Start of Block

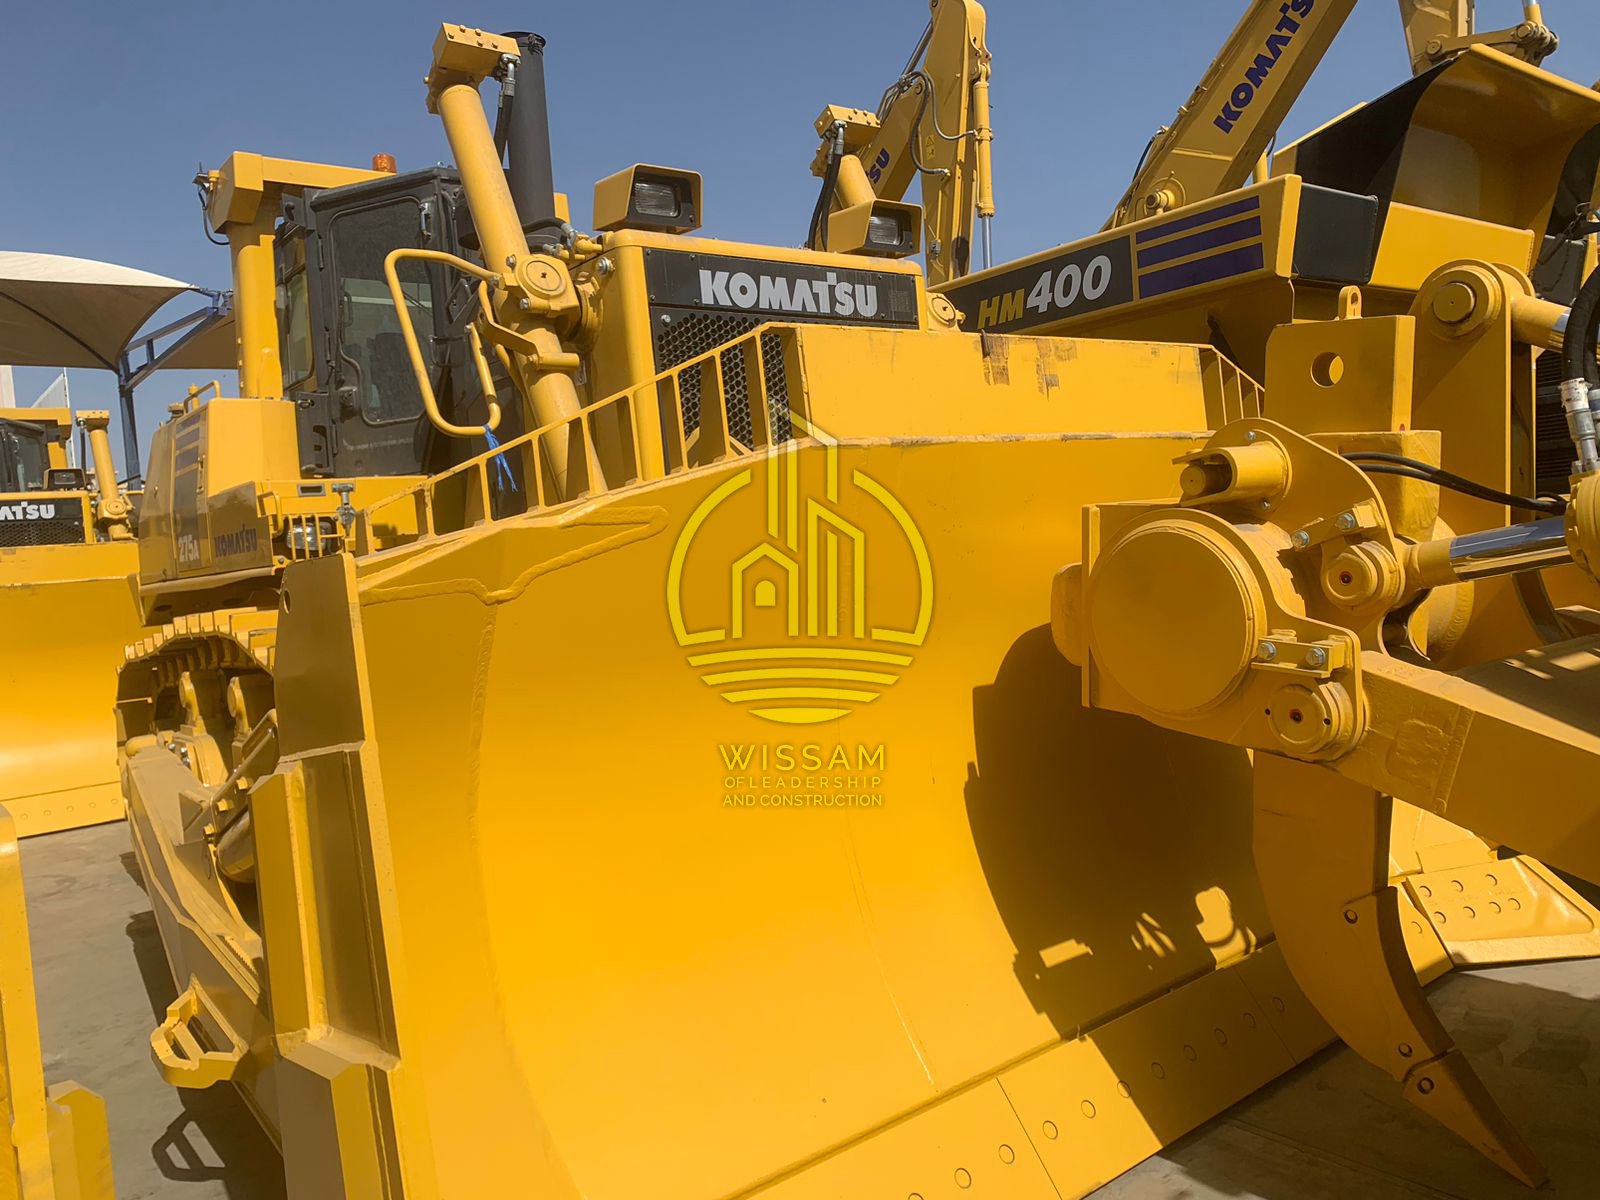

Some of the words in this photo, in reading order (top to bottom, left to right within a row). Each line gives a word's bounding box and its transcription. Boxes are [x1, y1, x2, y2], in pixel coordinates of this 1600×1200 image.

[867, 147, 890, 184] SU
[699, 269, 878, 317] KOMATSU
[178, 534, 200, 562] 275A
[214, 523, 258, 558] KOMATSU
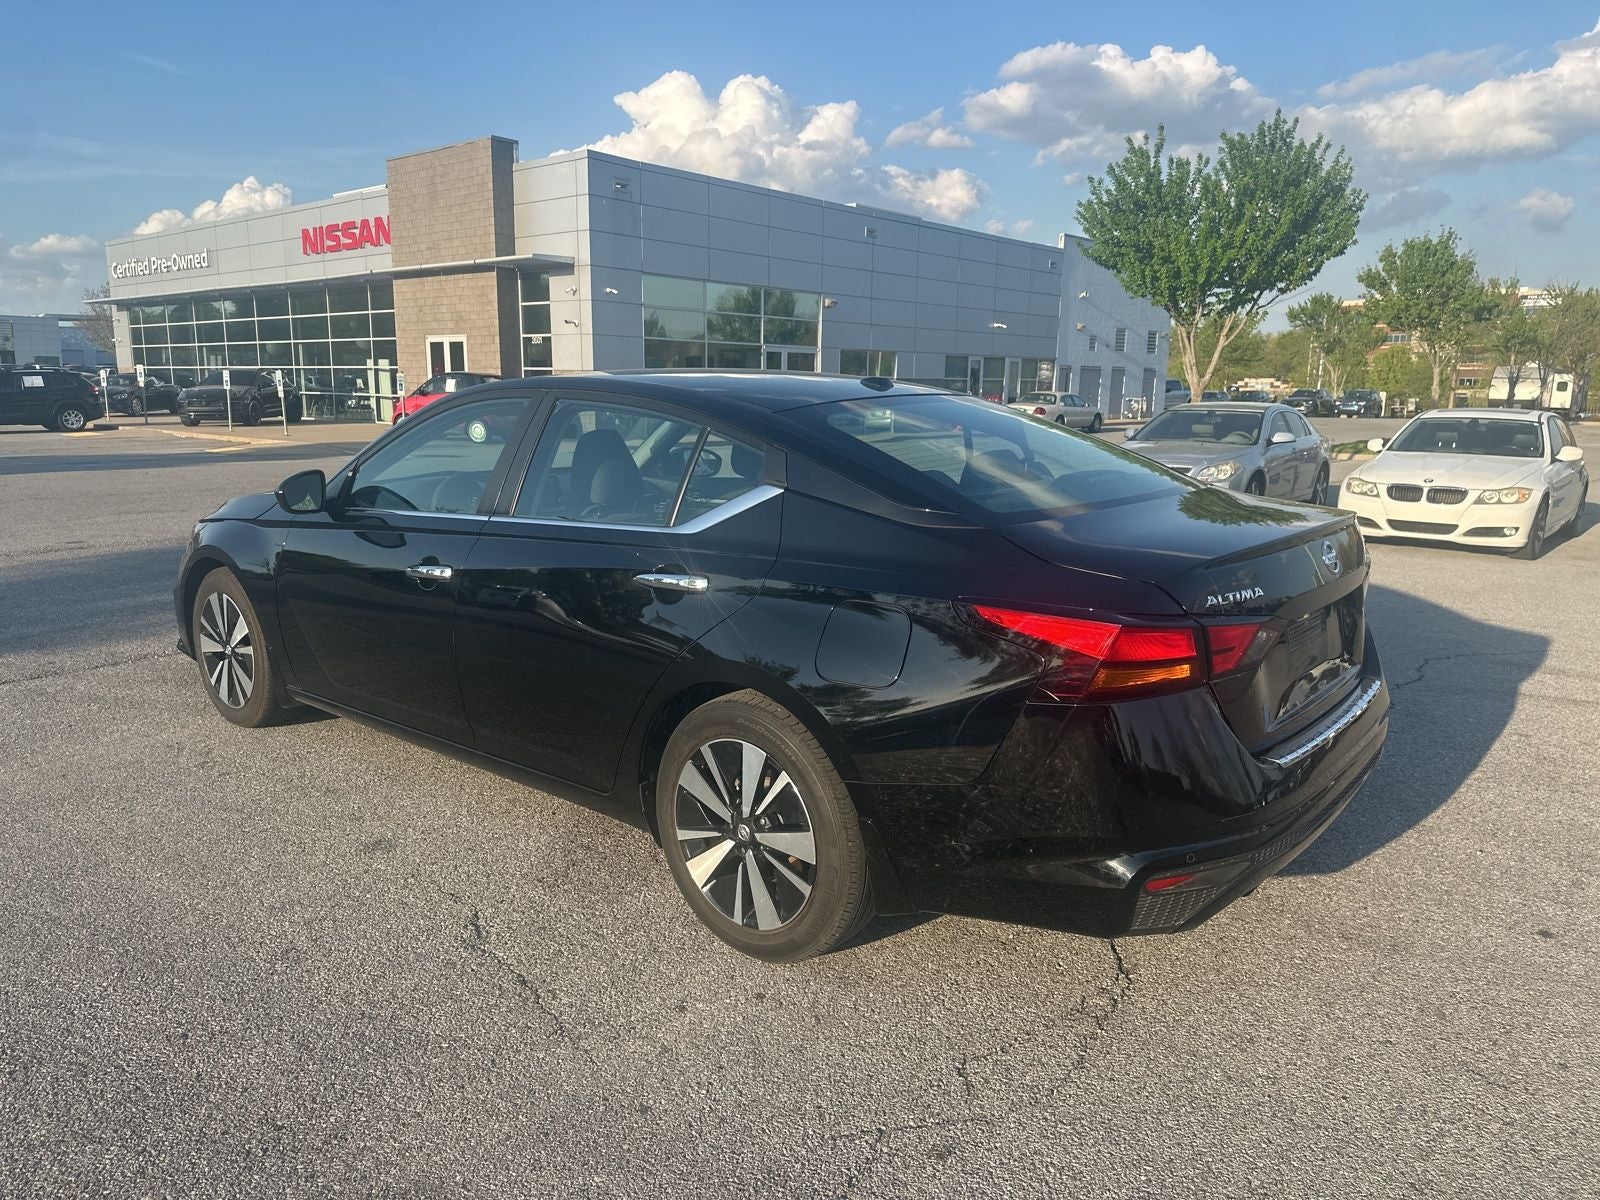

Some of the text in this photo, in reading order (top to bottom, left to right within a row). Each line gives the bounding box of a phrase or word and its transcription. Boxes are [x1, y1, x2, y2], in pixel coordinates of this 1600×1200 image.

[301, 215, 391, 255] NISSAN
[111, 248, 208, 279] Certified Pre-Owned
[1205, 587, 1265, 608] ALTIMA
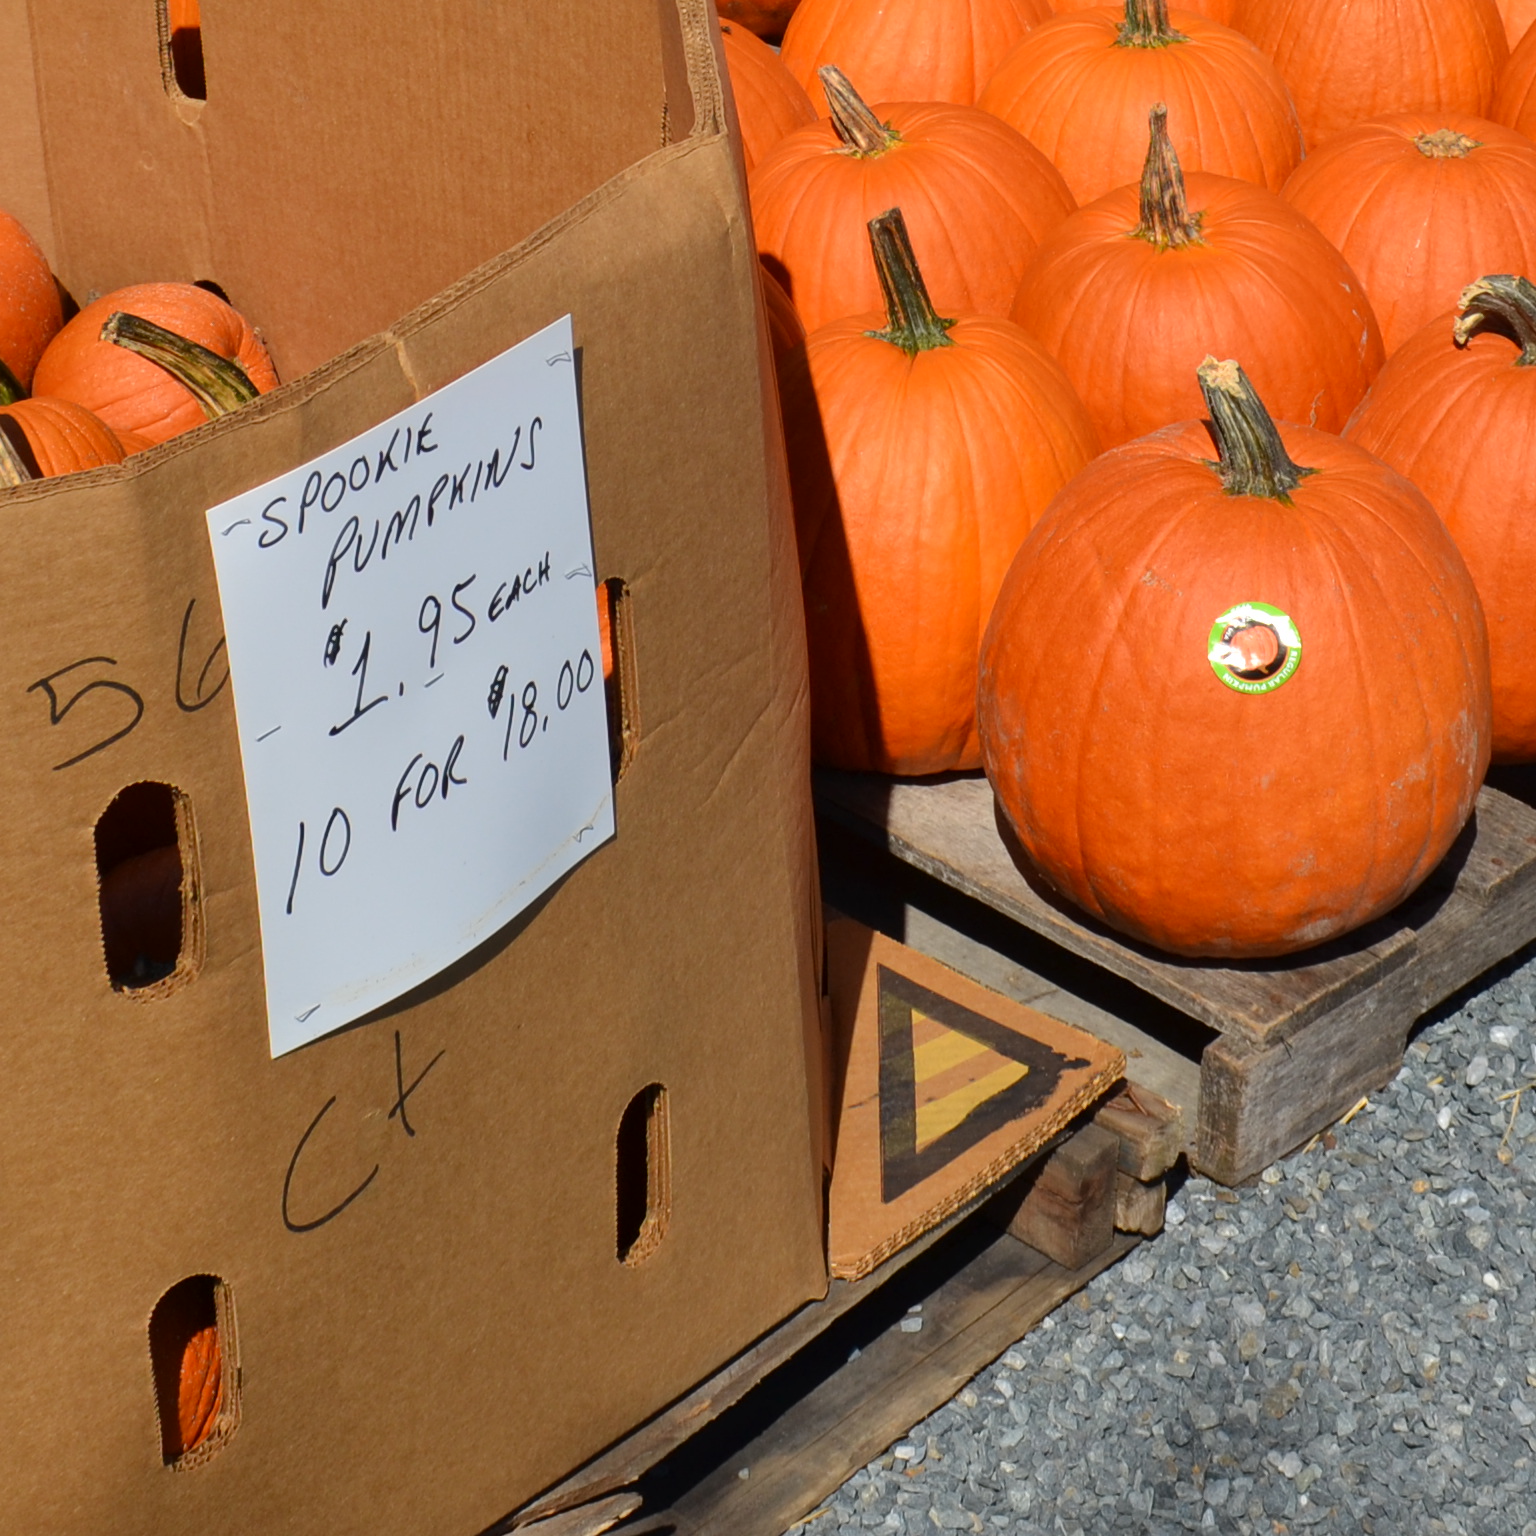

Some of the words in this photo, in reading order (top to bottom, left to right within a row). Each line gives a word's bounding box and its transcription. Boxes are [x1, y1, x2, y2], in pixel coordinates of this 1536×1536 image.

[256, 412, 441, 550] SPOOKIE
[320, 415, 544, 609] PUMPKINS
[487, 555, 551, 622] EACH
[1222, 672, 1268, 692] PUMPKIN
[1268, 650, 1298, 688] REGULAR
[286, 807, 351, 915] 10
[391, 735, 468, 831] FOR
[487, 649, 595, 761] $18.00

End of Block

→ **What is required**: Please output the material above unchanged, apart from removing the pictures.

→ **Your solution**:
Some of the words in this photo, in reading order (top to bottom, left to right within a row). Each line gives a word's bounding box and its transcription. Boxes are [x1, y1, x2, y2], in pixel coordinates of this 1600×1200 image.

[867, 147, 890, 184] SU
[699, 269, 878, 317] KOMATSU
[178, 534, 200, 562] 275A
[214, 523, 258, 558] KOMATSU

Some of the text in this photo, in reading order (top to bottom, left to right within a row). Each line gives the bounding box of a phrase or word and its transcription. Boxes are [x1, y1, x2, y2], in pixel coordinates of this 1600×1200 image.

[301, 215, 391, 255] NISSAN
[111, 248, 208, 279] Certified Pre-Owned
[1205, 587, 1265, 608] ALTIMA

Some of the words in this photo, in reading order (top to bottom, left to right within a row). Each line gives a word's bounding box and its transcription. Boxes are [x1, y1, x2, y2], in pixel coordinates of this 1536×1536 image.

[256, 412, 441, 550] SPOOKIE
[320, 415, 544, 609] PUMPKINS
[487, 555, 551, 622] EACH
[1222, 672, 1268, 692] PUMPKIN
[1268, 650, 1298, 688] REGULAR
[286, 807, 351, 915] 10
[391, 735, 468, 831] FOR
[487, 649, 595, 761] $18.00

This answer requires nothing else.